YOUR OBJECTIVE:
The entries below are to be returned as written, with all pictures dropped.
==============================
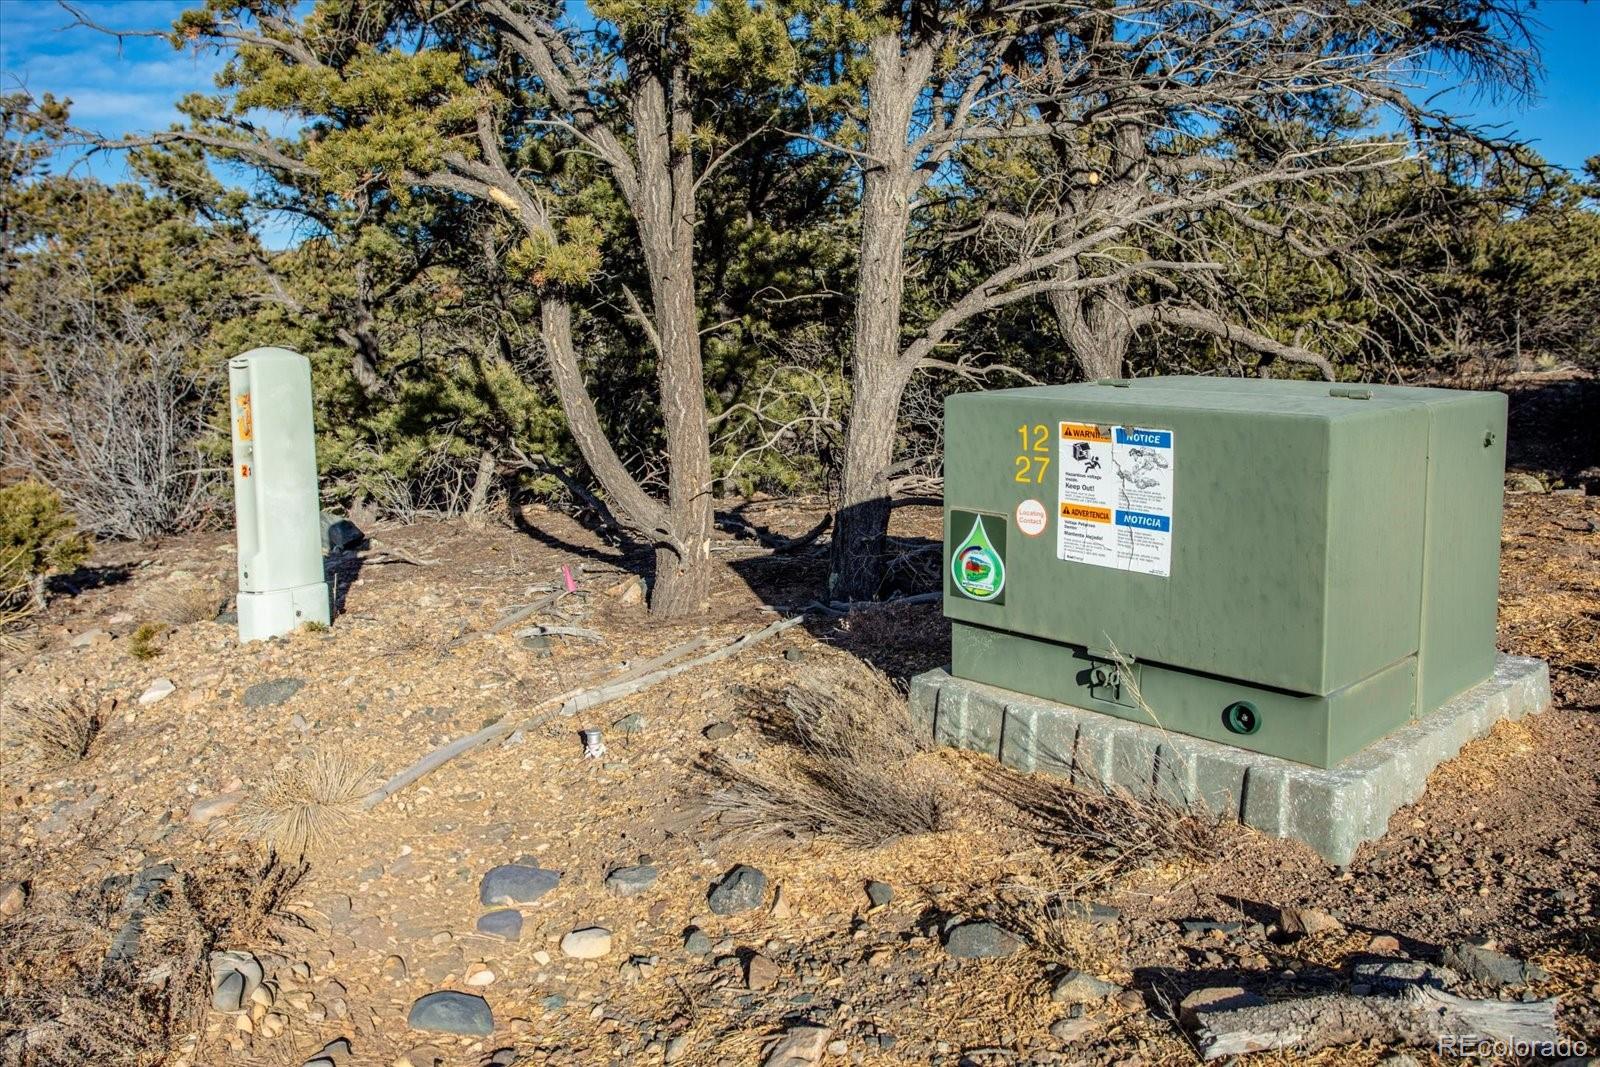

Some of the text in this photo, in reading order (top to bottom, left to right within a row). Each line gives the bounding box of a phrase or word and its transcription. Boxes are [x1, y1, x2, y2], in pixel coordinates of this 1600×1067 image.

[1017, 424, 1049, 452] 12
[1073, 429, 1108, 439] WARNI
[1126, 433, 1161, 444] NOTICE
[1015, 455, 1050, 483] 27
[1065, 482, 1081, 490] Keep
[1019, 509, 1044, 518] Locating
[1071, 508, 1110, 520] ADVERTENCIA
[1019, 516, 1042, 525] Contact
[1123, 514, 1161, 528] NOTICIA
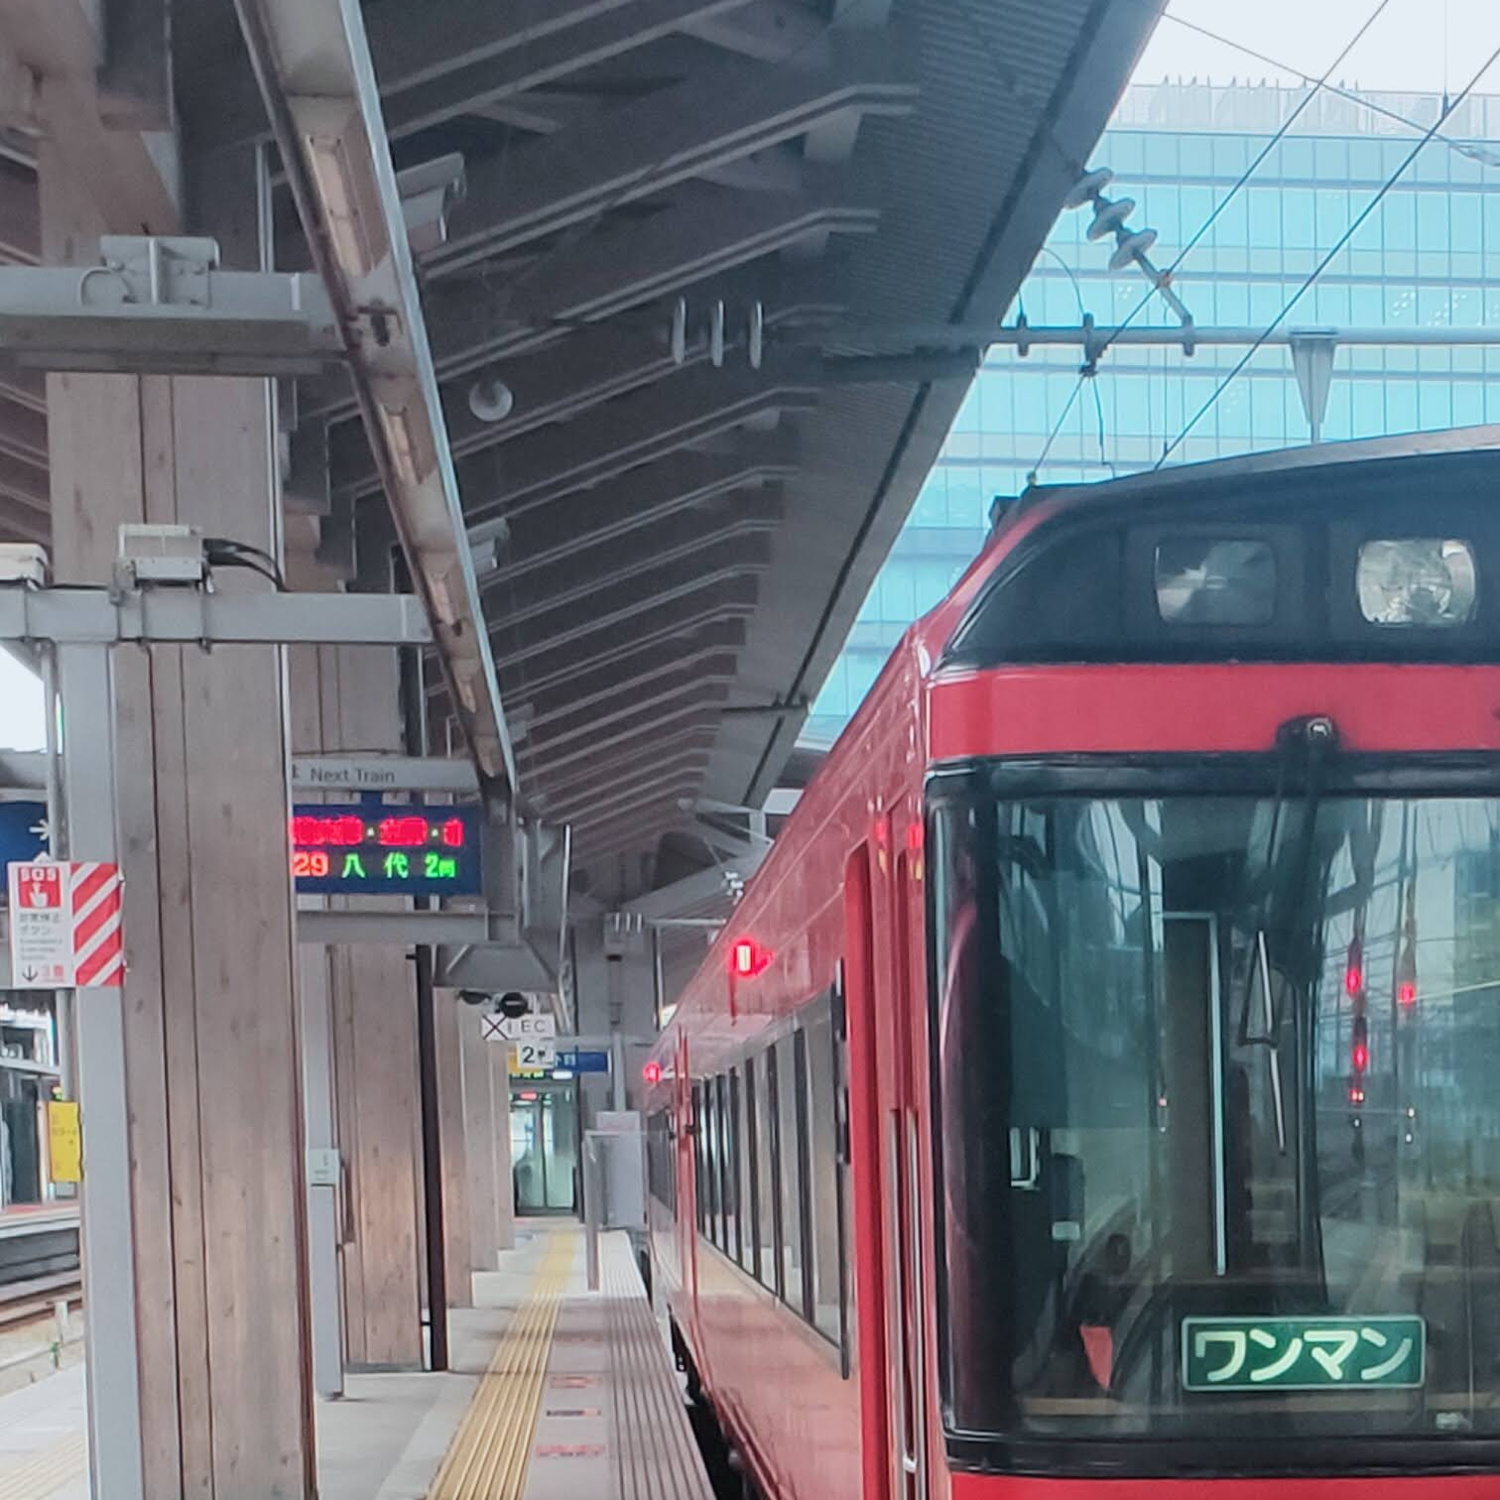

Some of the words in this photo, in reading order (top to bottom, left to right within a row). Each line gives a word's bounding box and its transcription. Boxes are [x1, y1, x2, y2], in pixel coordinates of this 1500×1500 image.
==============================
FINISHED EXERCISE:
Some of the text in this photo, in reading order (top to bottom, left to right within a row). Each line gives the bounding box of a phrase or word and its transcription. Boxes are [x1, y1, x2, y2], in pixel coordinates of this 1600×1067 image.

[1017, 424, 1049, 452] 12
[1073, 429, 1108, 439] WARNI
[1126, 433, 1161, 444] NOTICE
[1015, 455, 1050, 483] 27
[1065, 482, 1081, 490] Keep
[1019, 509, 1044, 518] Locating
[1071, 508, 1110, 520] ADVERTENCIA
[1019, 516, 1042, 525] Contact
[1123, 514, 1161, 528] NOTICIA

Some of the words in this photo, in reading order (top to bottom, left to right within a row). Each line gives a word's bounding box and its transcription. Boxes are [x1, y1, x2, y2], in pixel coordinates of this 1500×1500 image.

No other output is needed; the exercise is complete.